While this was high enough to cause Random Skill Variance [which is no longer a thing in TWW] to potentially make a 2* vibrant wildercloth bolt into a 3* one, it was by no means a guarantee, and selling the unwanted 3* versions on the AH that came from RSV or inspiration procs likely made you a profit anyway.
Again: There really isn’t much of a point to being able to craft lower quality versions of items that your skill is too high for you to be able to make. The one use case I could think of was crafting 1* Tiered Medallion Settings, which inexplicably sold for almost as much as a 3* Setting despite a 2* Tiered Medallion Setting selling for dirt cheap and being able to add the same socket a 1* setting did…
WILDERCLOTH bolts, the MATS for this, have a crafting difficulty of 60! If you even leveled to 100 you already could not make them at R2. Then you had TWO things which could proc you higher to R3 for the vibrant wildercloth–one was a random gaussian chance which was independent of inspiration and a second was inspiration proc’ing.

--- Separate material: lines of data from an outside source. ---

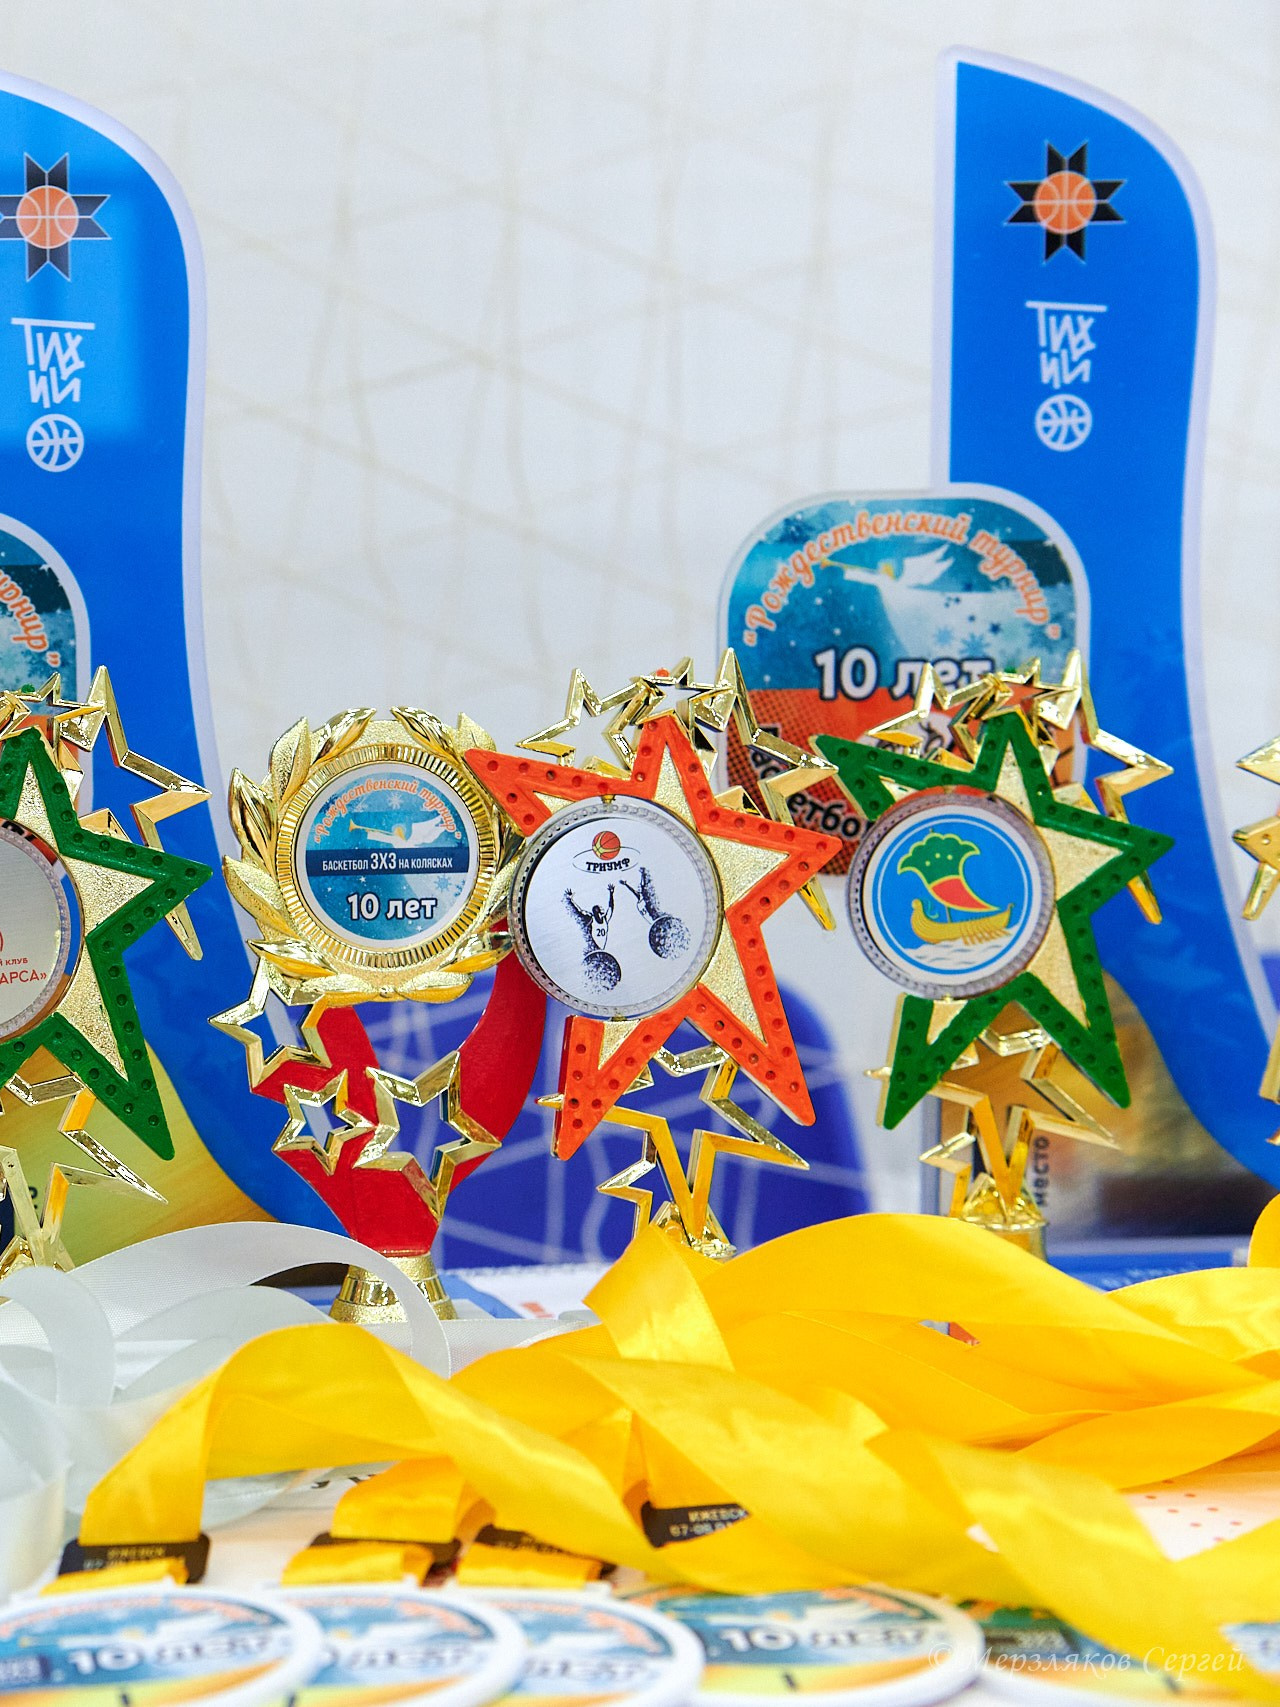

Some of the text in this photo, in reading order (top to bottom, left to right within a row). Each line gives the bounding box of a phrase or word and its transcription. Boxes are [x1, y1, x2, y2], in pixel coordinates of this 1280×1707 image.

[813, 646, 880, 701] 10
[322, 860, 369, 871] БАСКЕТБОЛ
[398, 859, 410, 869] НА
[411, 857, 453, 869] КОЛЯСКАХ
[348, 893, 437, 921] 10 лет
[596, 928, 606, 937] 20
[5, 957, 29, 966] КЛУБ
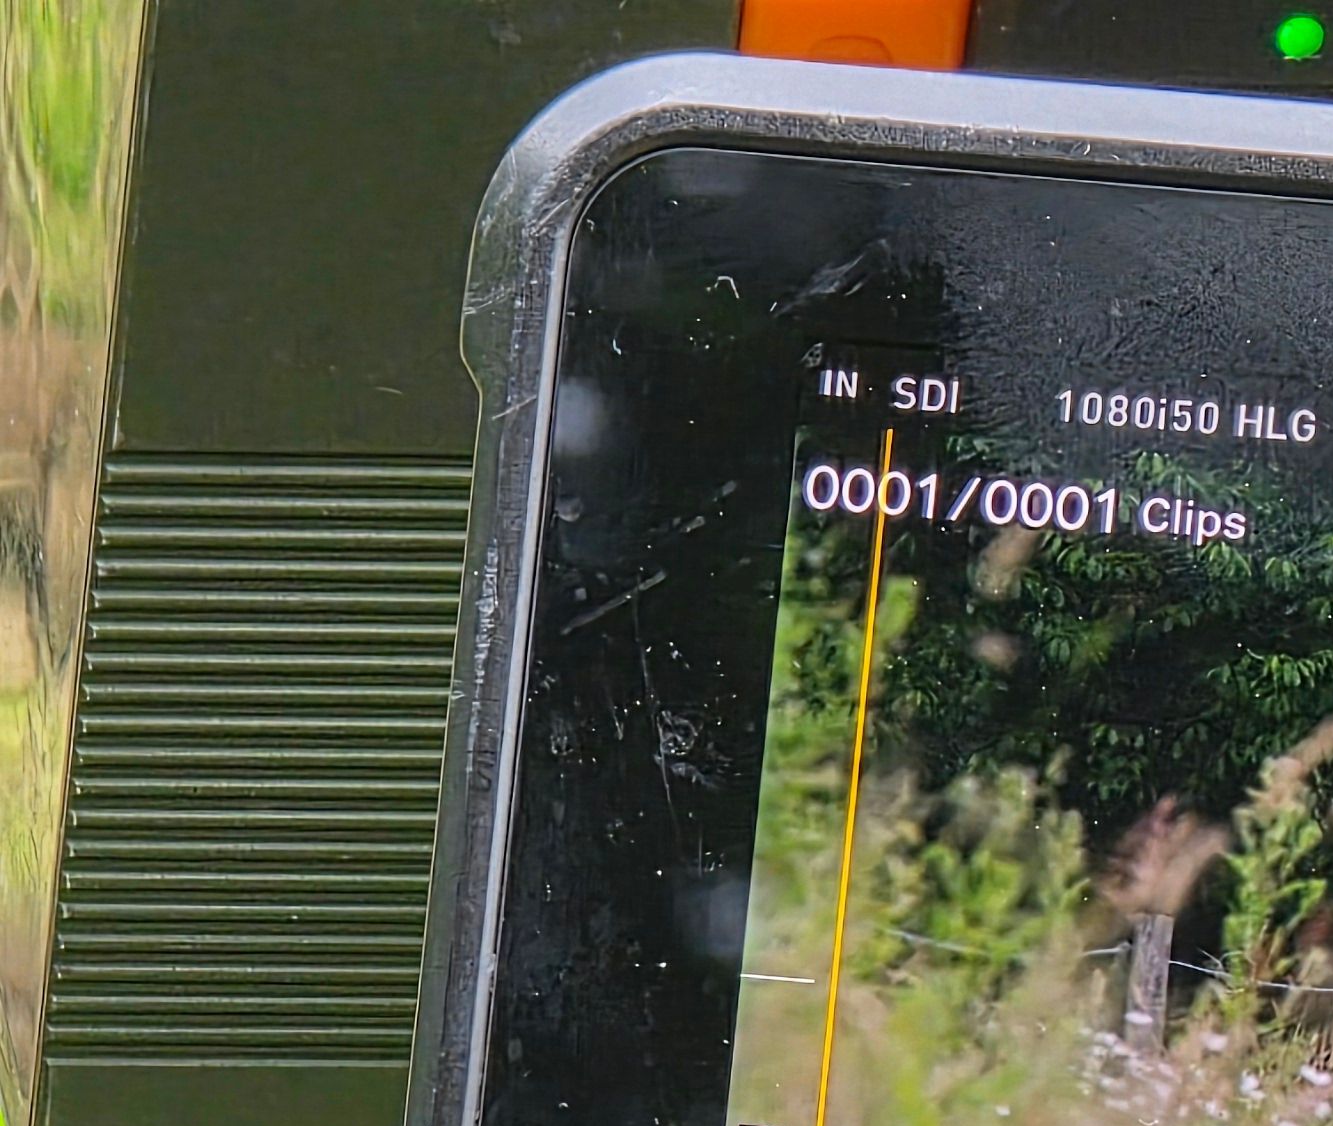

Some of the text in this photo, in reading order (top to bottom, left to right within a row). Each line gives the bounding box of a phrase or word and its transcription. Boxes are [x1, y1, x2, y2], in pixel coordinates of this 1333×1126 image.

[821, 369, 960, 415] IN SDI
[1057, 389, 1319, 444] 1080i50 HLG
[804, 464, 1248, 546] 0001/0001 Clips
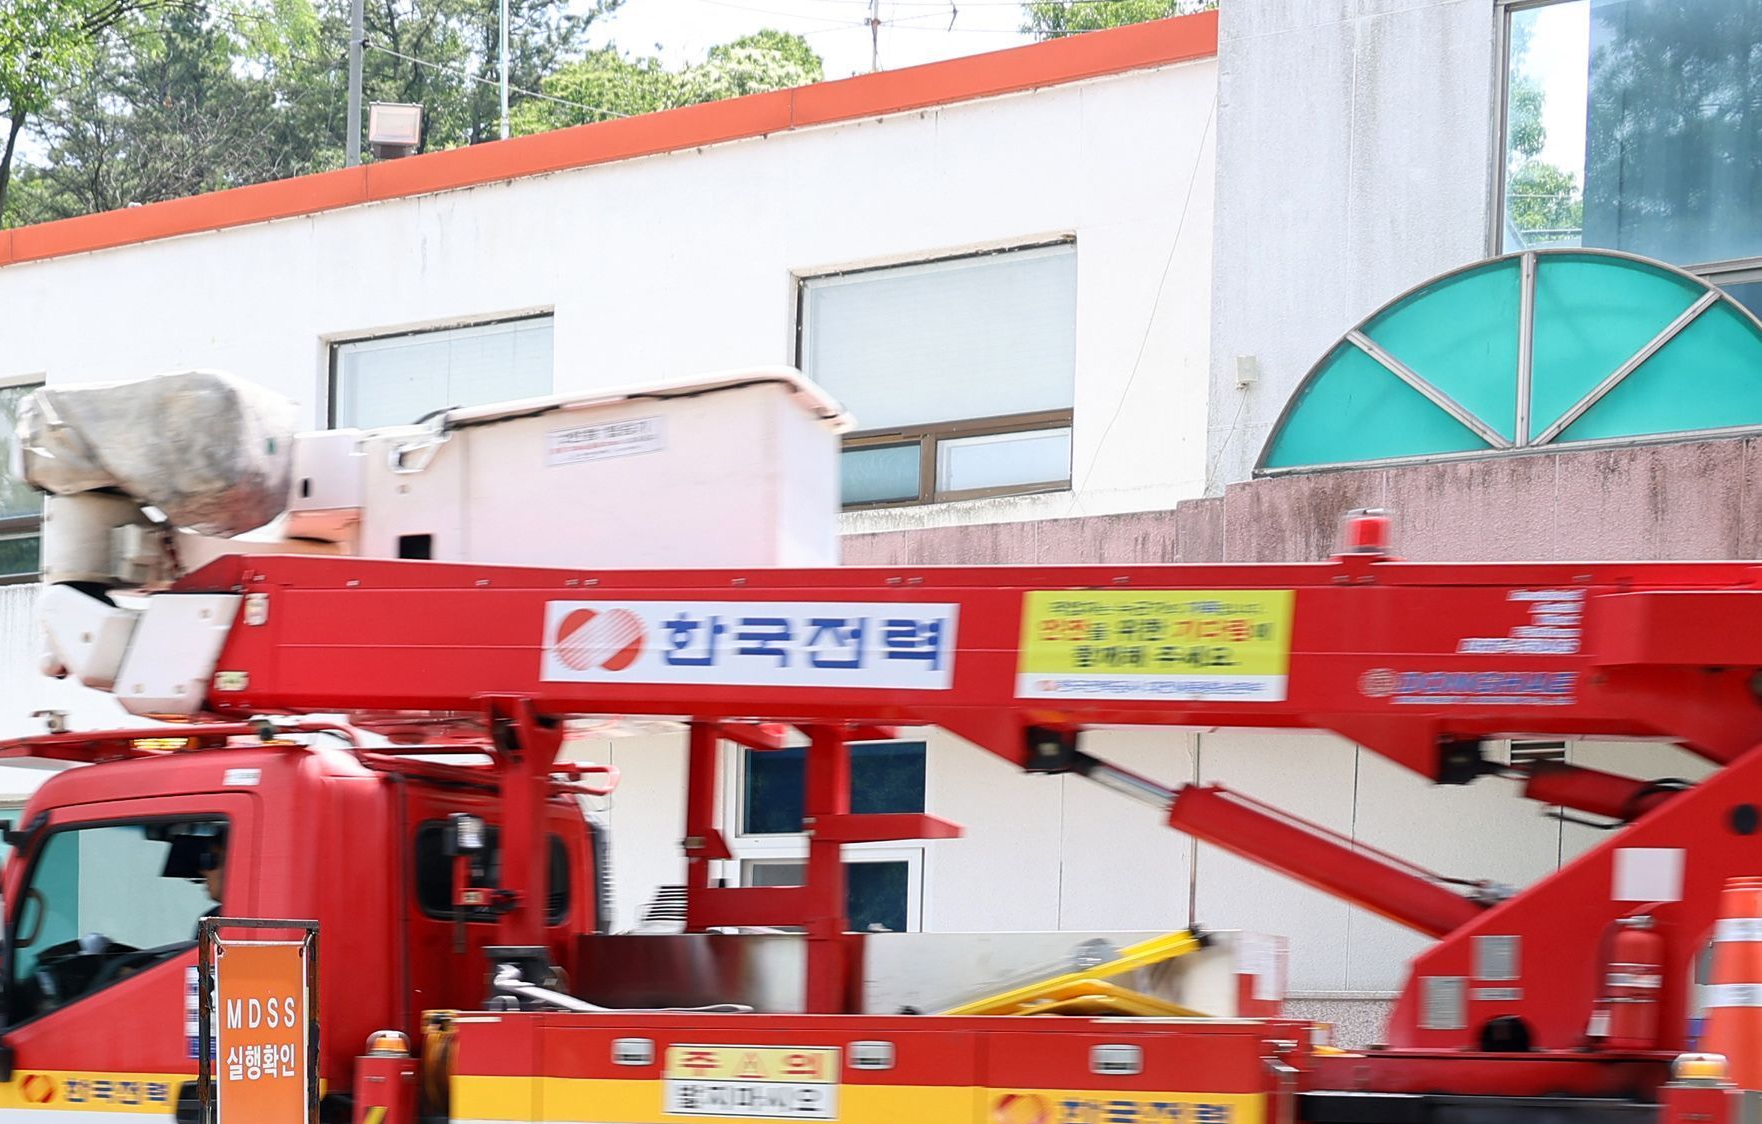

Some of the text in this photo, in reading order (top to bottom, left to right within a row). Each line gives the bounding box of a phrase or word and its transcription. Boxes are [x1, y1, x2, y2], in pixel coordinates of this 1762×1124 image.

[659, 612, 950, 671] 한국전력
[227, 997, 296, 1029] MDSS
[226, 1043, 295, 1081] 실행확인
[63, 1078, 170, 1106] 한국전력
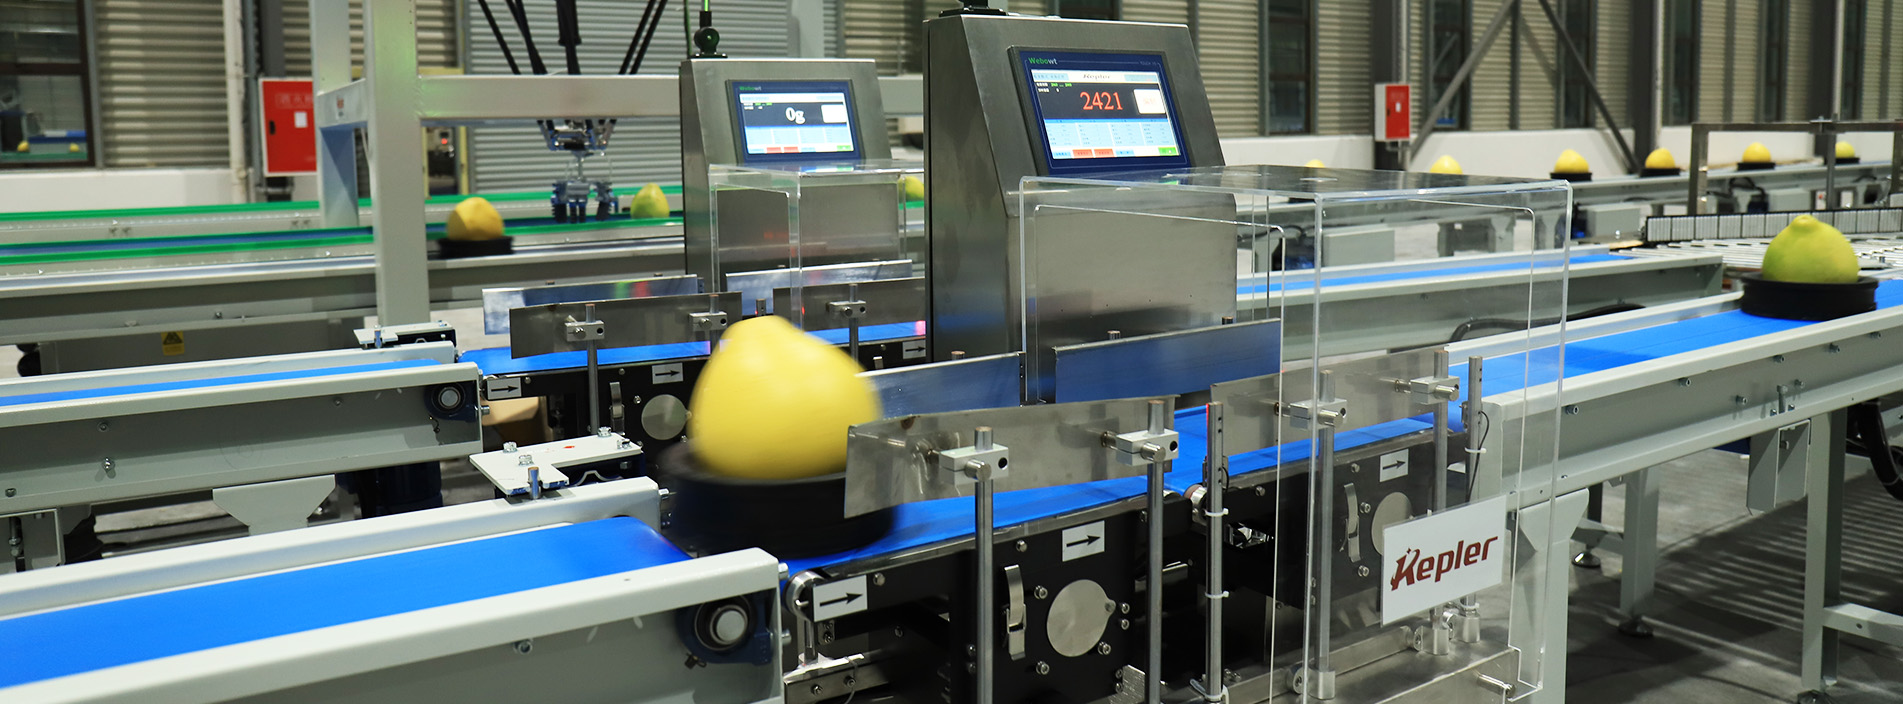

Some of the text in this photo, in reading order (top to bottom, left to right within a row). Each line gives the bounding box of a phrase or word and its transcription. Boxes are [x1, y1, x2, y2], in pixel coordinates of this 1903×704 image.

Once again, you had to make 75 of these. What are the odds that you’re NOT going to inspiration proc for 75 of these in a row?? The point wasn’t that “I can’t make a profit” the point was that the quest was stupidly annoying because you had to craft so many extras and take off gear to “help” you not make R3.
The market for tier 1’s and 2’s are different from one another. You if you accidentally spec too many skill points into a profession, you essentially lock yourself out of entire market that you can no longer sell to.
T1s are still profitable in some cases, and sometimes even more so. So you sometimes will make less money than you would if you less skilled in the profession.